▸ **Exercise**
Could you please output all of the data exactly, without the images?

Information given Block Start

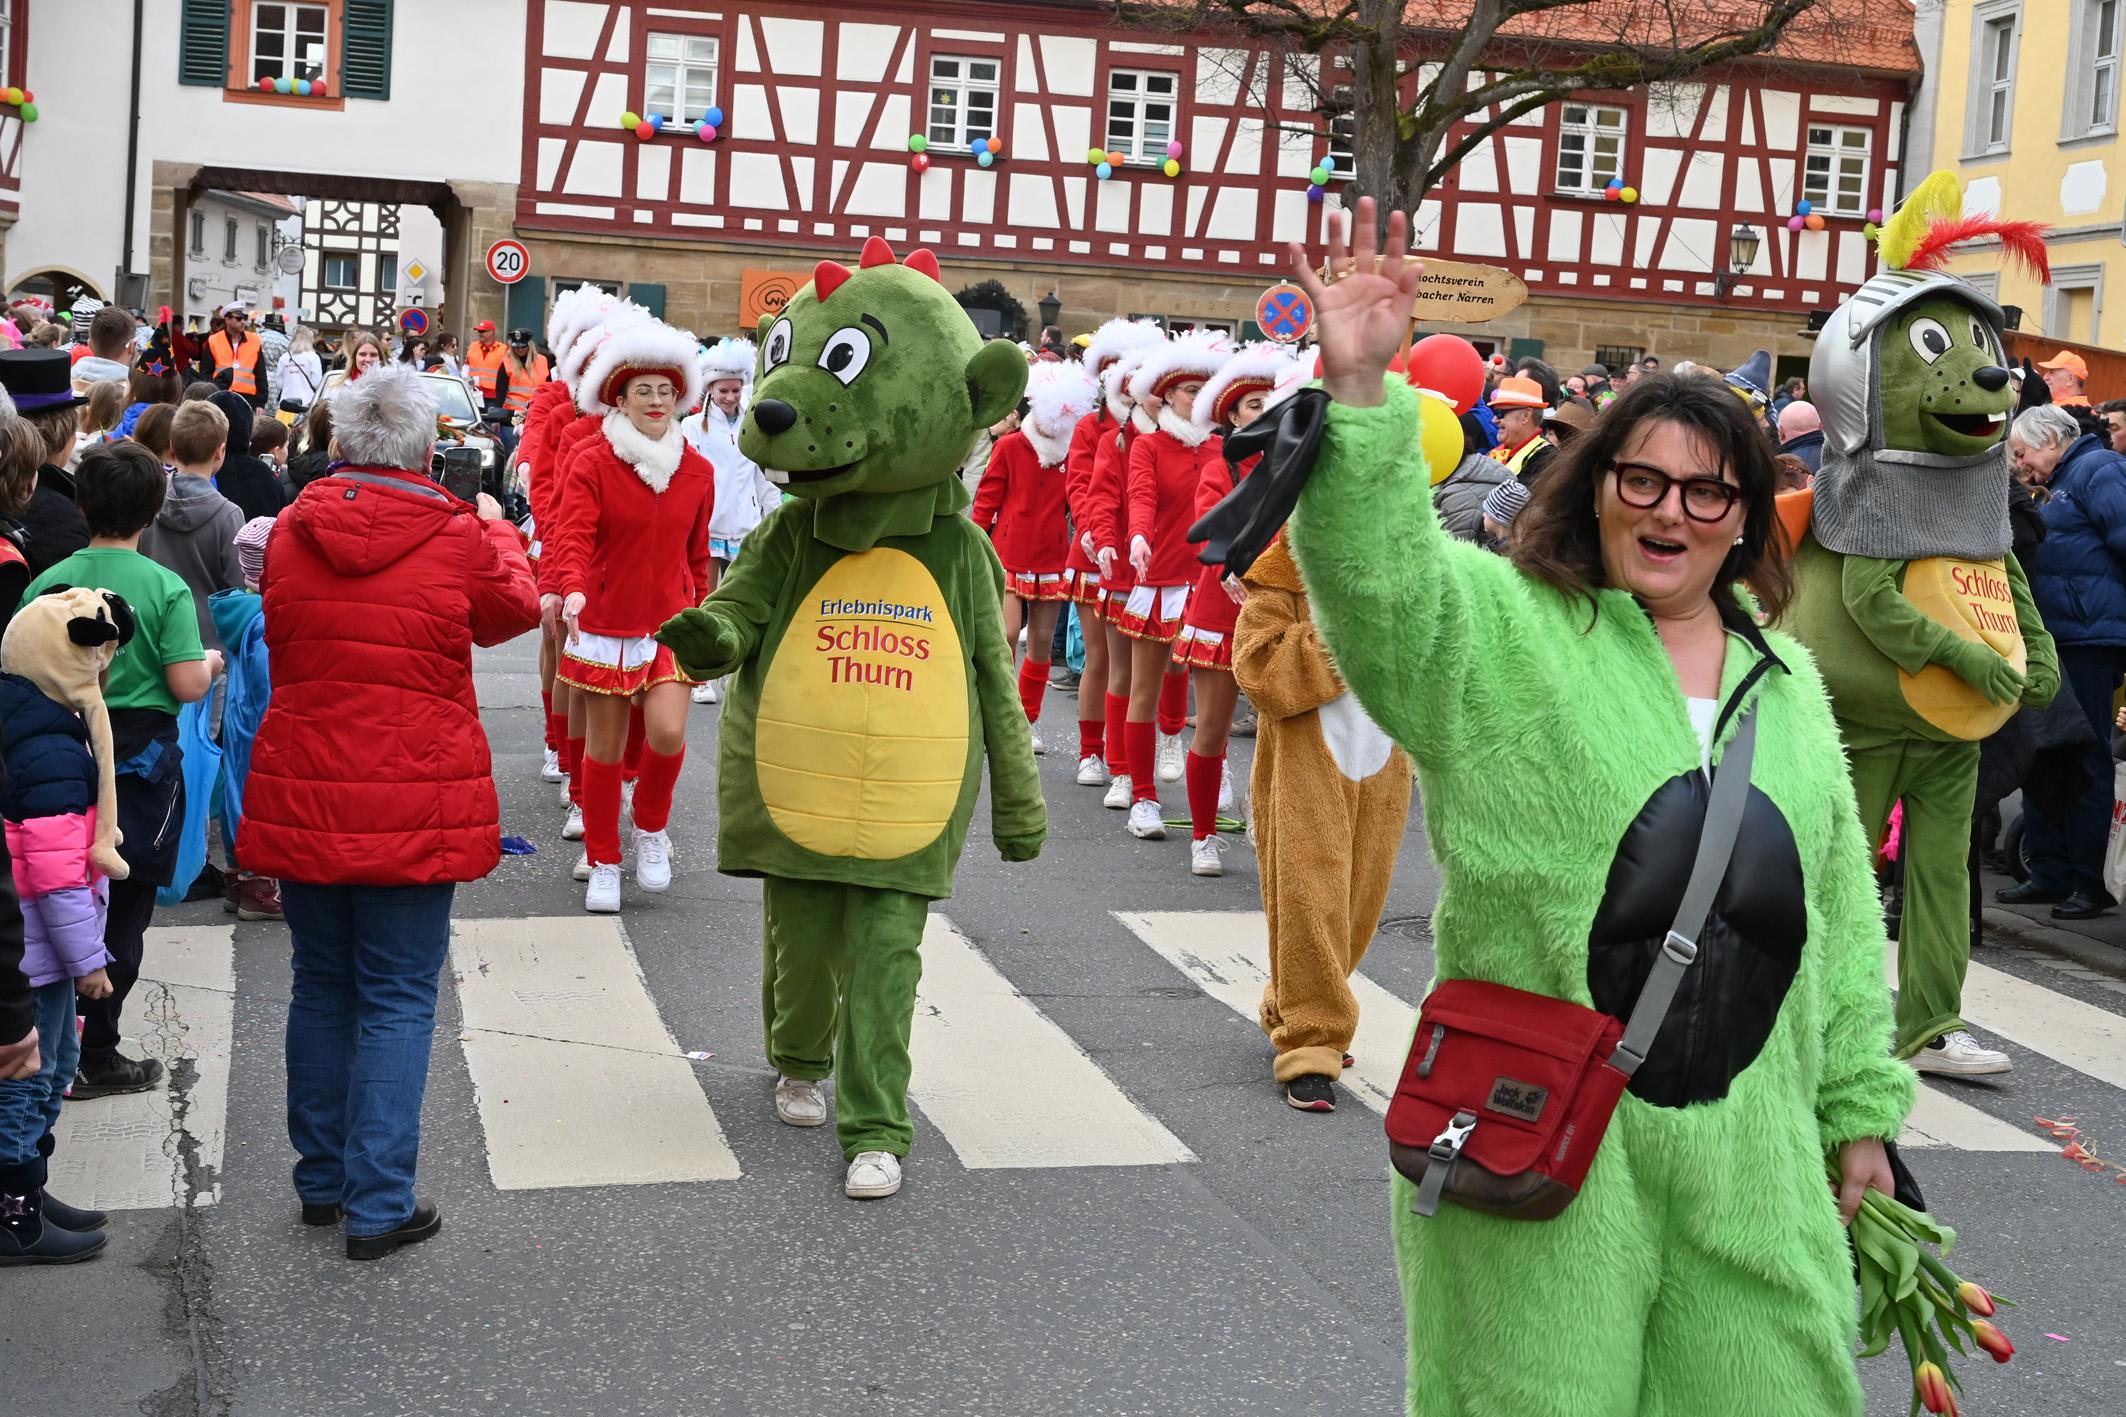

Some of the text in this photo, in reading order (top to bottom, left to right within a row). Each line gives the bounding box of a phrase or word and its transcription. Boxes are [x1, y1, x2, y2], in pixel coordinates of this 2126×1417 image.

[497, 252, 520, 271] 20
[1456, 292, 1494, 304] Narren
[1951, 567, 2012, 603] Schloss
[820, 599, 933, 622] Erlebnispark
[1969, 602, 2017, 634] Thurn
[816, 625, 930, 660] Schloss
[827, 656, 913, 691] Thurn
[1496, 1083, 1521, 1099] Jack
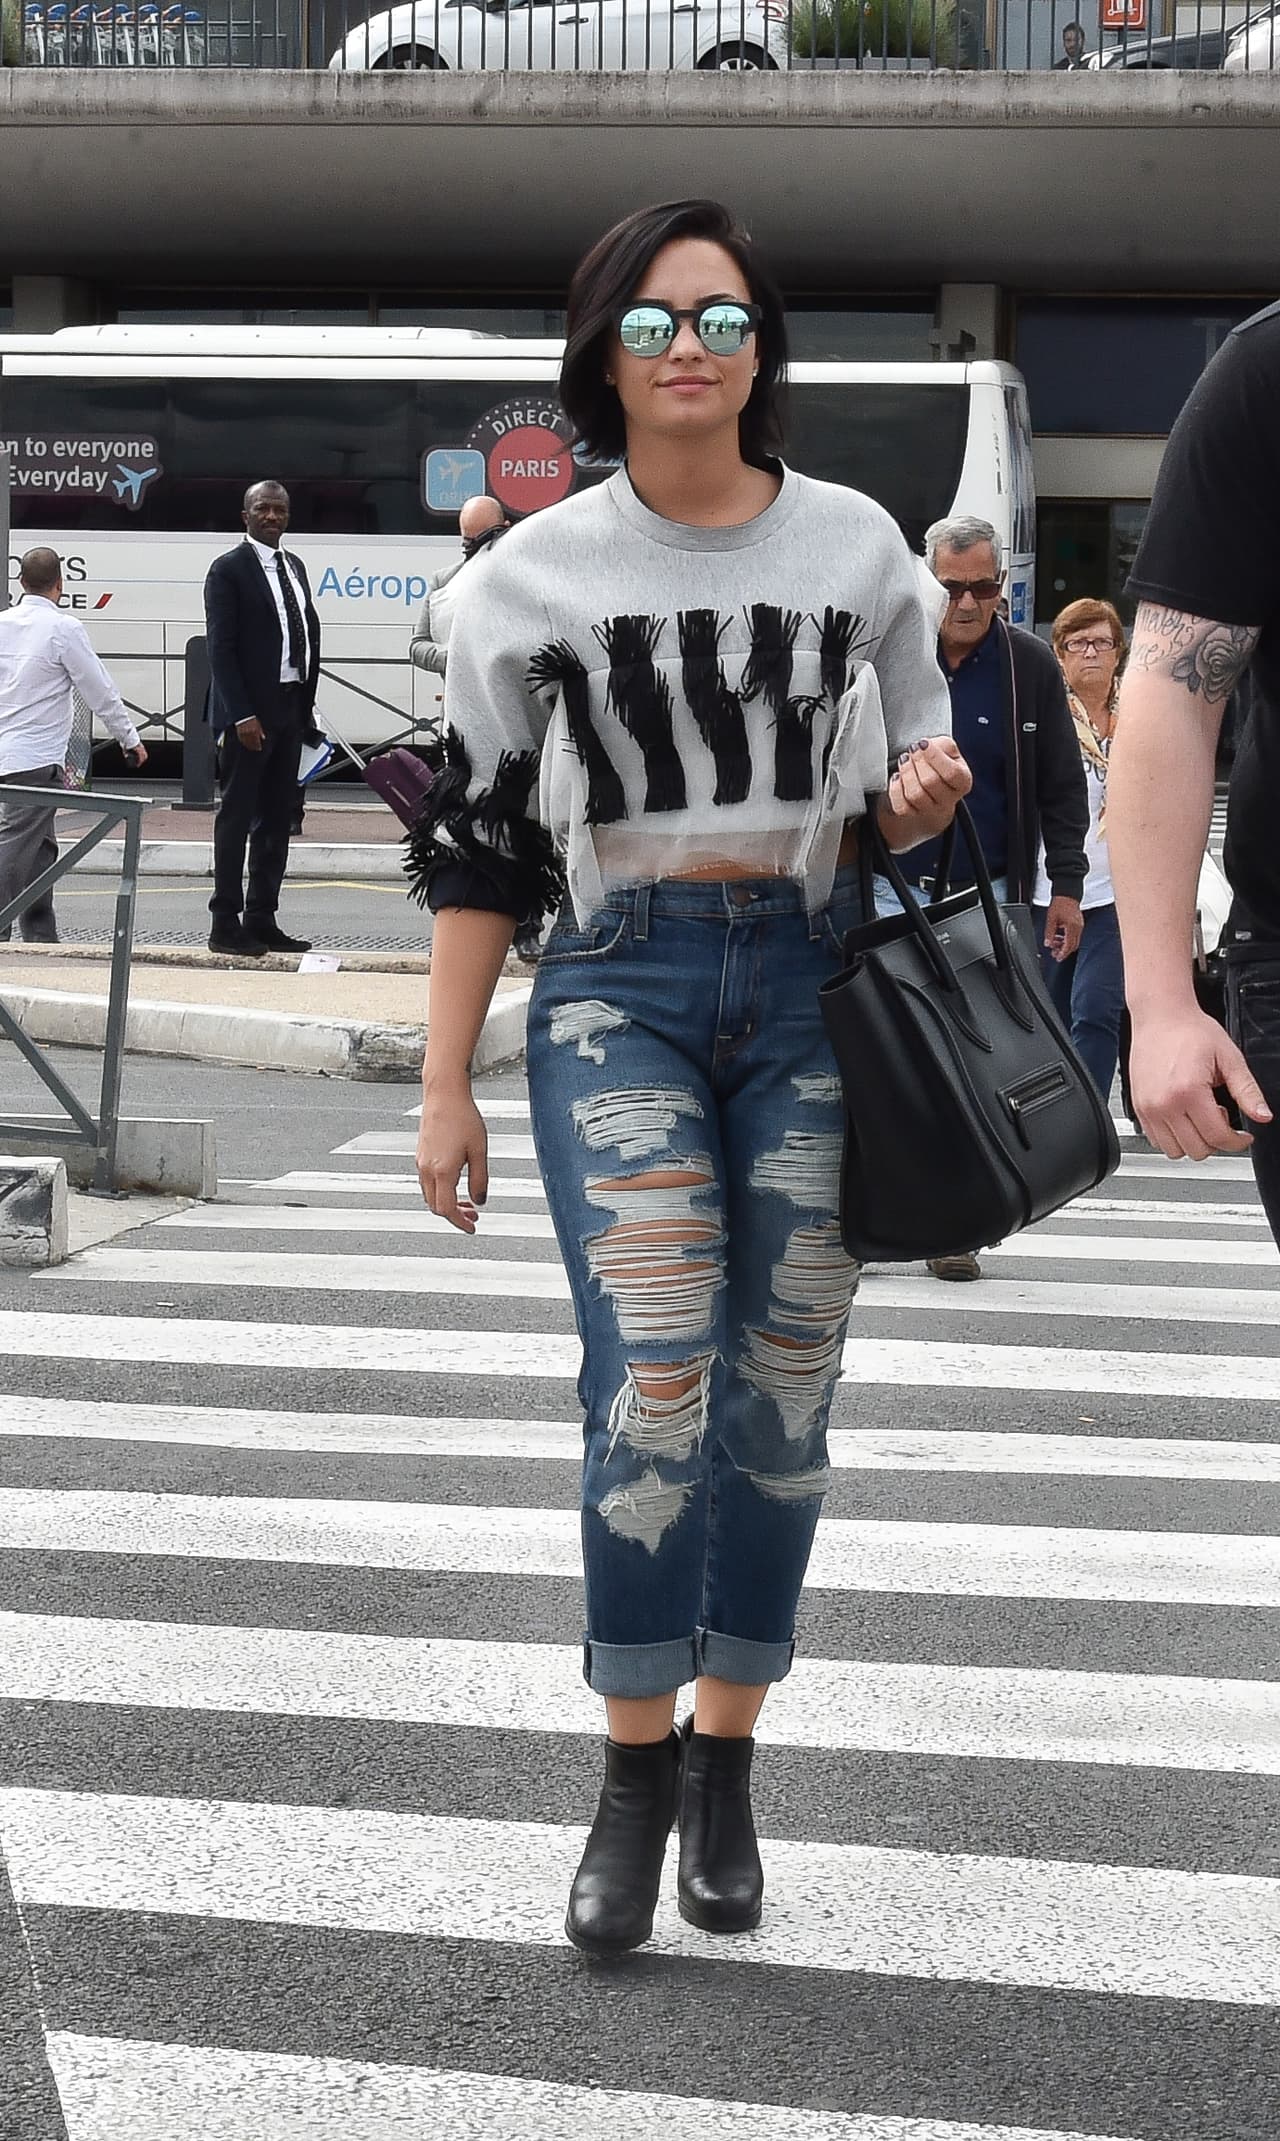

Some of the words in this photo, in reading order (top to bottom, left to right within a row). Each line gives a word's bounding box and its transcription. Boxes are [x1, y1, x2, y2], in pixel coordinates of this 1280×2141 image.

[491, 409, 562, 435] DIRECT
[25, 437, 47, 457] to
[53, 440, 154, 463] everyone
[9, 465, 109, 493] Everyday
[501, 459, 560, 478] PARIS
[317, 566, 427, 606] Aérop
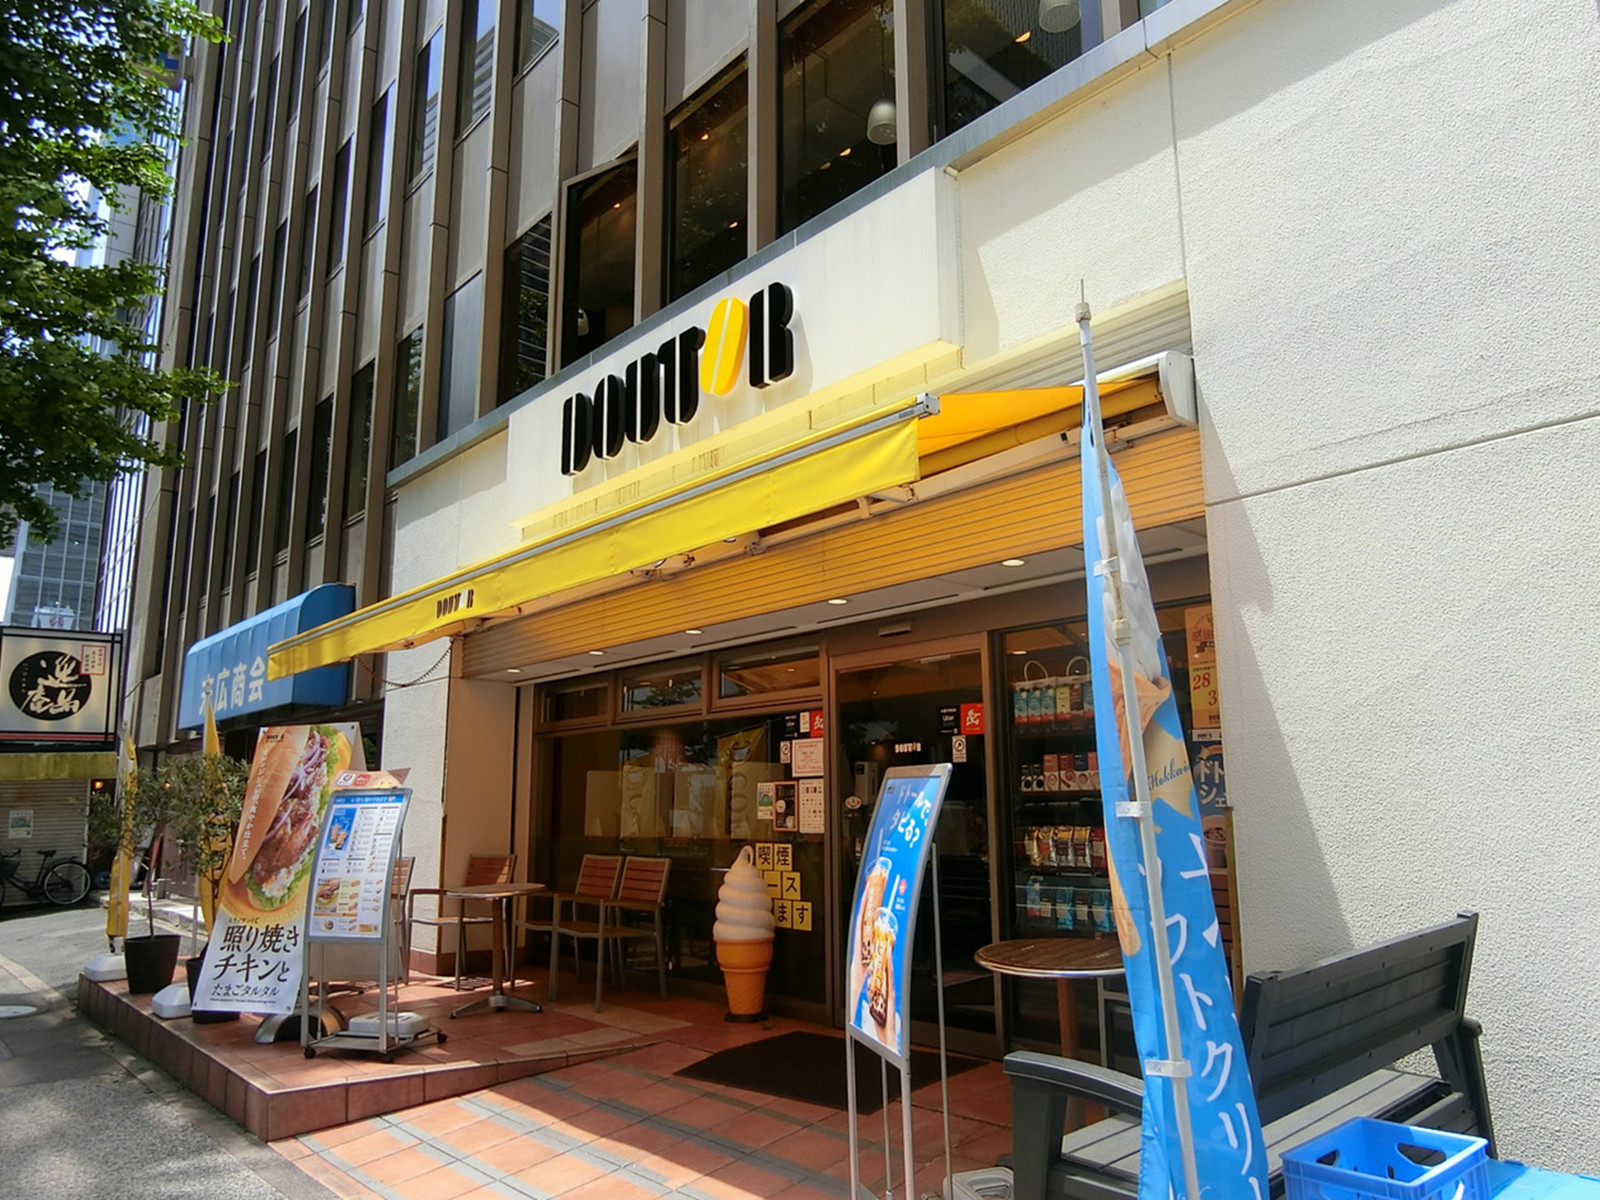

Information given Block End

▸ **Exercise response**
Some of the text in this photo, in reading order (top to bottom, left to right within a row). Each line gives the bounding box of a phrase or word and its transcription. Boxes are [x1, y1, x2, y2], in pixel coordinates of this 2126×1417 image.

[497, 252, 520, 271] 20
[1456, 292, 1494, 304] Narren
[1951, 567, 2012, 603] Schloss
[820, 599, 933, 622] Erlebnispark
[1969, 602, 2017, 634] Thurn
[816, 625, 930, 660] Schloss
[827, 656, 913, 691] Thurn
[1496, 1083, 1521, 1099] Jack

Some of the words in this photo, in reading order (top to bottom, left to right within a row). Each line gives a word's bounding box and its transcription. Boxes are [x1, y1, x2, y2], in pixel coordinates of this 1280×2141 image.

[491, 409, 562, 435] DIRECT
[25, 437, 47, 457] to
[53, 440, 154, 463] everyone
[9, 465, 109, 493] Everyday
[501, 459, 560, 478] PARIS
[317, 566, 427, 606] Aérop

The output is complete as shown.